— Work to complete —
A faithful repeat of all the records, with no image kept, is the required answer.

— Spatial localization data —
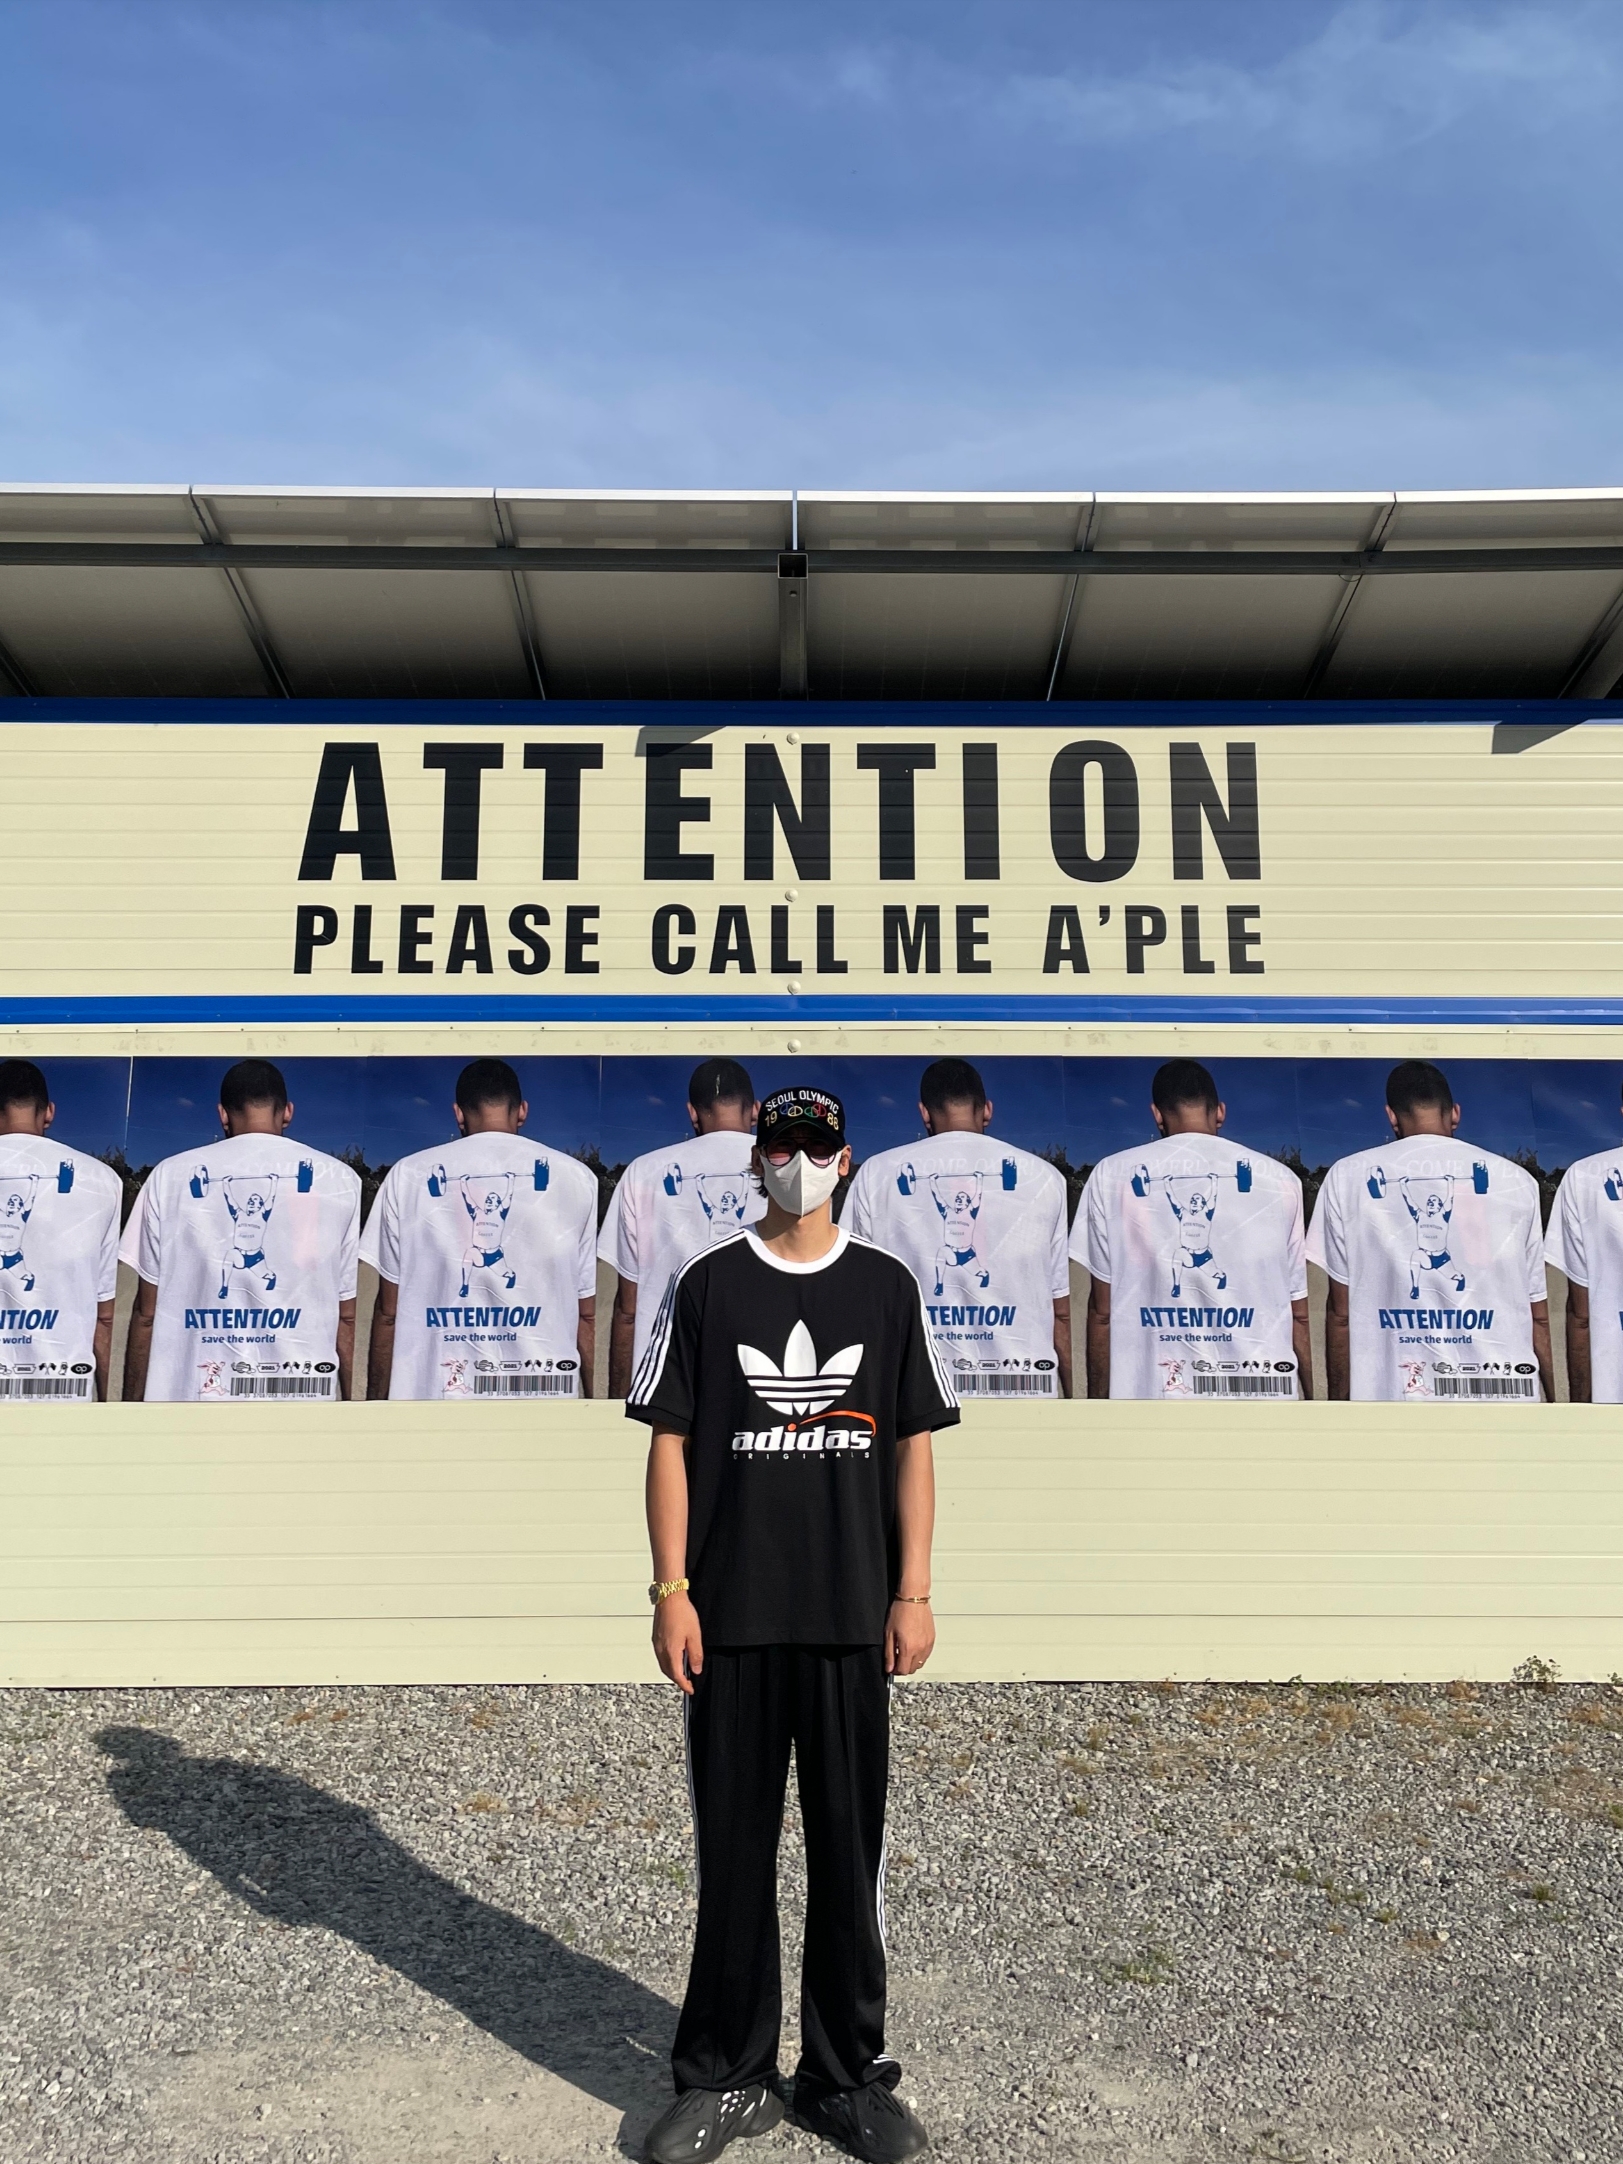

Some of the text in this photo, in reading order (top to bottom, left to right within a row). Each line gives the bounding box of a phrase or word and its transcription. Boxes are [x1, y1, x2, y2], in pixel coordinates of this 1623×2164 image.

[297, 740, 1262, 882] ATTENTION
[293, 904, 600, 975] PLEASE
[652, 904, 848, 975] CALL
[883, 904, 992, 974] ME
[765, 1089, 840, 1115] SEOUL OLYMPIC
[764, 1110, 840, 1131] 19 88
[184, 1308, 302, 1329] ATTENTION
[426, 1306, 542, 1328] ATTENTION
[1140, 1307, 1255, 1328] ATTENTION
[1378, 1309, 1494, 1330] ATTENTION
[2, 1334, 33, 1345] world
[201, 1334, 276, 1344] save the world
[443, 1332, 517, 1342] save the world
[946, 1331, 963, 1341] the
[964, 1331, 994, 1341] world
[1159, 1333, 1233, 1342] save the world
[1398, 1335, 1473, 1344] save the world
[731, 1422, 874, 1451] adidas
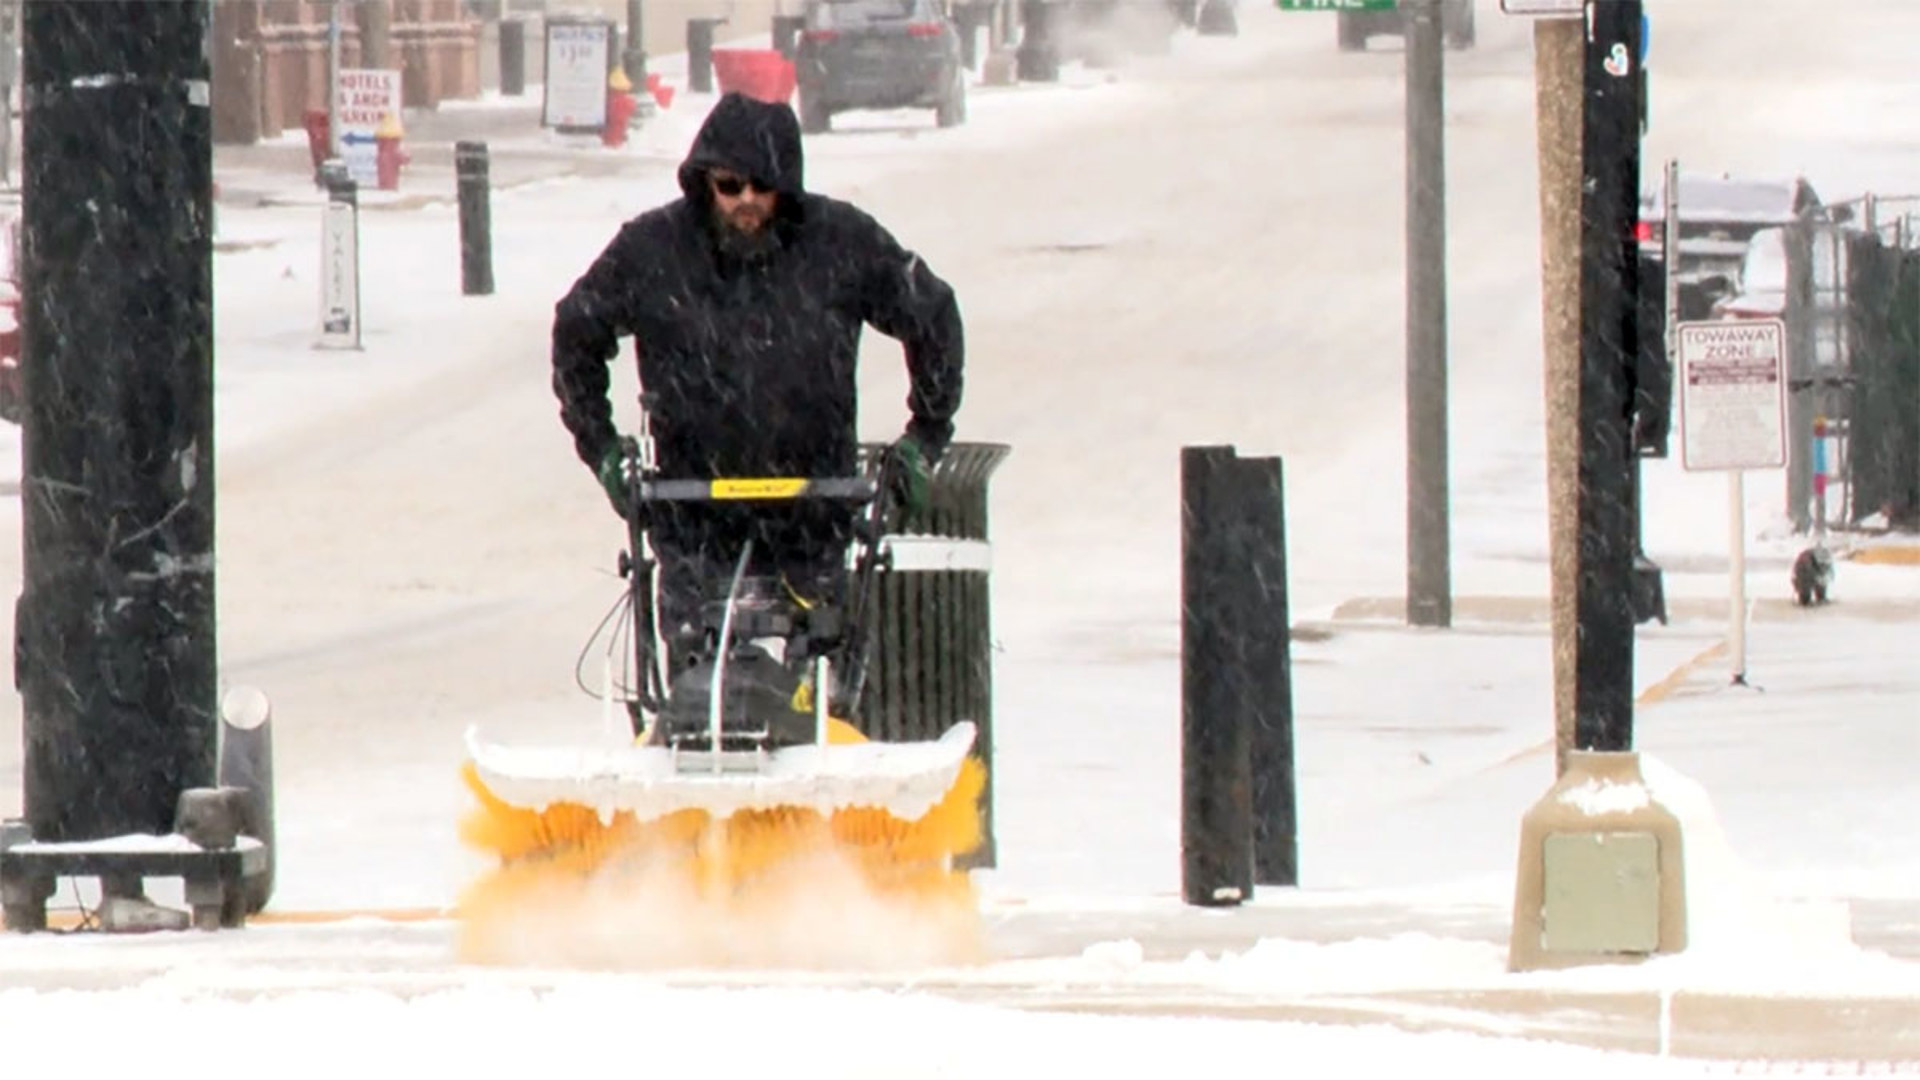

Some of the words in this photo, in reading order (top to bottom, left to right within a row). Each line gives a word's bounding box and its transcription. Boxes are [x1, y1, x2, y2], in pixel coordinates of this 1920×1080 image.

[340, 74, 391, 89] HOTELS
[353, 92, 390, 106] ARCH
[340, 111, 386, 124] ARKIN
[1685, 329, 1775, 343] TOWAWAY
[1704, 345, 1755, 358] ZONE
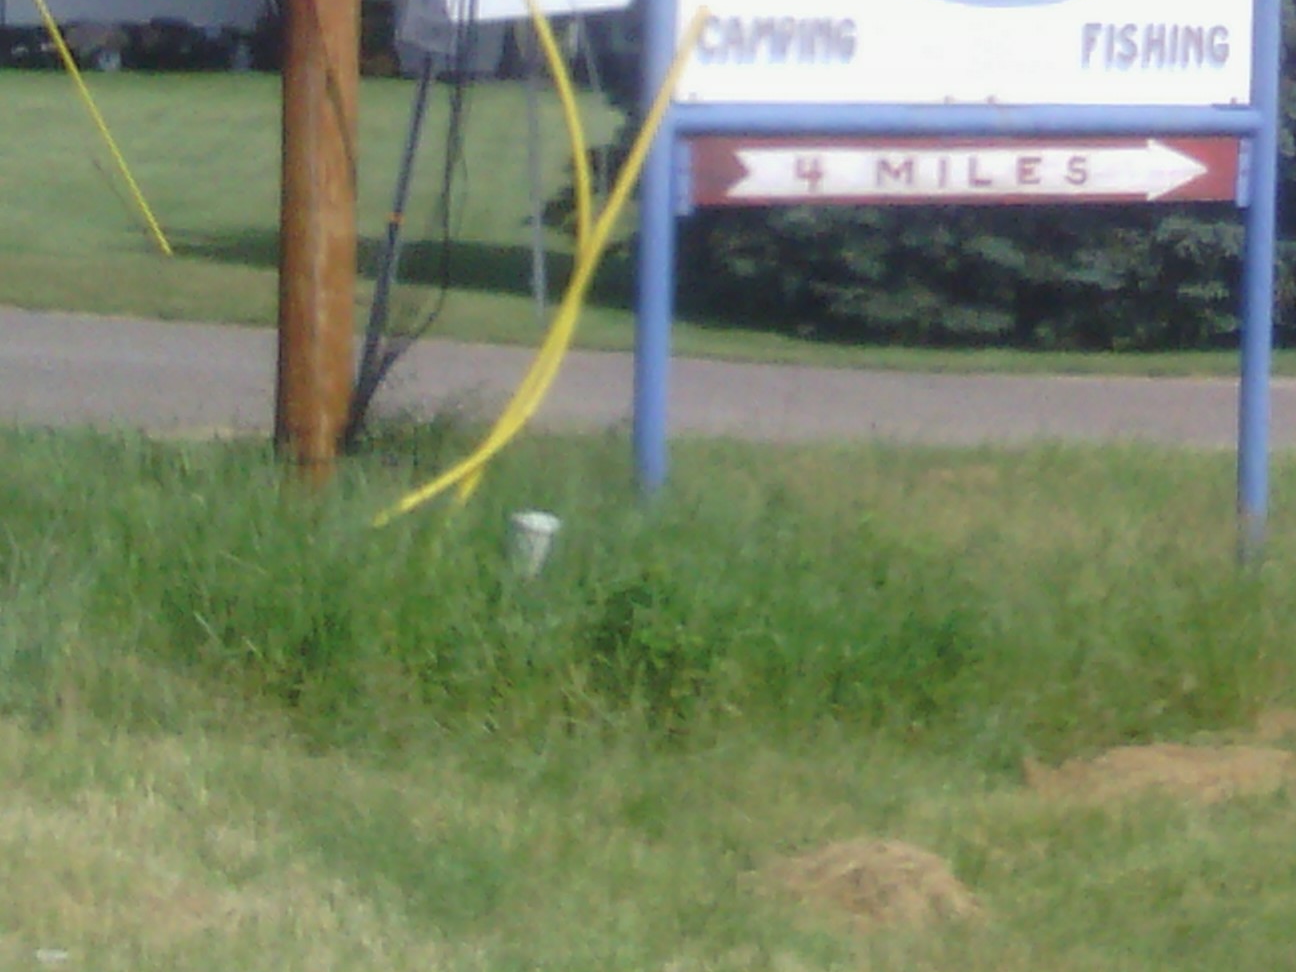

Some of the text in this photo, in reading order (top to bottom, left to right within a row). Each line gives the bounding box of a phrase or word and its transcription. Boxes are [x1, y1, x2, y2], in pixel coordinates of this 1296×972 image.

[697, 14, 857, 64] CAMPING
[1080, 22, 1230, 69] FISHING
[794, 155, 1089, 193] 4 MILES

— Answer to this exercise —
Some of the text in this photo, in reading order (top to bottom, left to right within a row). Each line gives the bounding box of a phrase or word and its transcription. Boxes are [x1, y1, x2, y2], in pixel coordinates of this 1623×2164 image.

[297, 740, 1262, 882] ATTENTION
[293, 904, 600, 975] PLEASE
[652, 904, 848, 975] CALL
[883, 904, 992, 974] ME
[765, 1089, 840, 1115] SEOUL OLYMPIC
[764, 1110, 840, 1131] 19 88
[184, 1308, 302, 1329] ATTENTION
[426, 1306, 542, 1328] ATTENTION
[1140, 1307, 1255, 1328] ATTENTION
[1378, 1309, 1494, 1330] ATTENTION
[2, 1334, 33, 1345] world
[201, 1334, 276, 1344] save the world
[443, 1332, 517, 1342] save the world
[946, 1331, 963, 1341] the
[964, 1331, 994, 1341] world
[1159, 1333, 1233, 1342] save the world
[1398, 1335, 1473, 1344] save the world
[731, 1422, 874, 1451] adidas

Some of the words in this photo, in reading order (top to bottom, left to right within a row). Each line gives a word's bounding box and its transcription. Boxes are [x1, y1, x2, y2], in pixel coordinates of this 1920×1080 image.

[340, 74, 391, 89] HOTELS
[353, 92, 390, 106] ARCH
[340, 111, 386, 124] ARKIN
[1685, 329, 1775, 343] TOWAWAY
[1704, 345, 1755, 358] ZONE

Some of the text in this photo, in reading order (top to bottom, left to right within a row). Each line gives the bounding box of a phrase or word and its transcription. Boxes are [x1, y1, x2, y2], in pixel coordinates of this 1296×972 image.

[697, 14, 857, 64] CAMPING
[1080, 22, 1230, 69] FISHING
[794, 155, 1089, 193] 4 MILES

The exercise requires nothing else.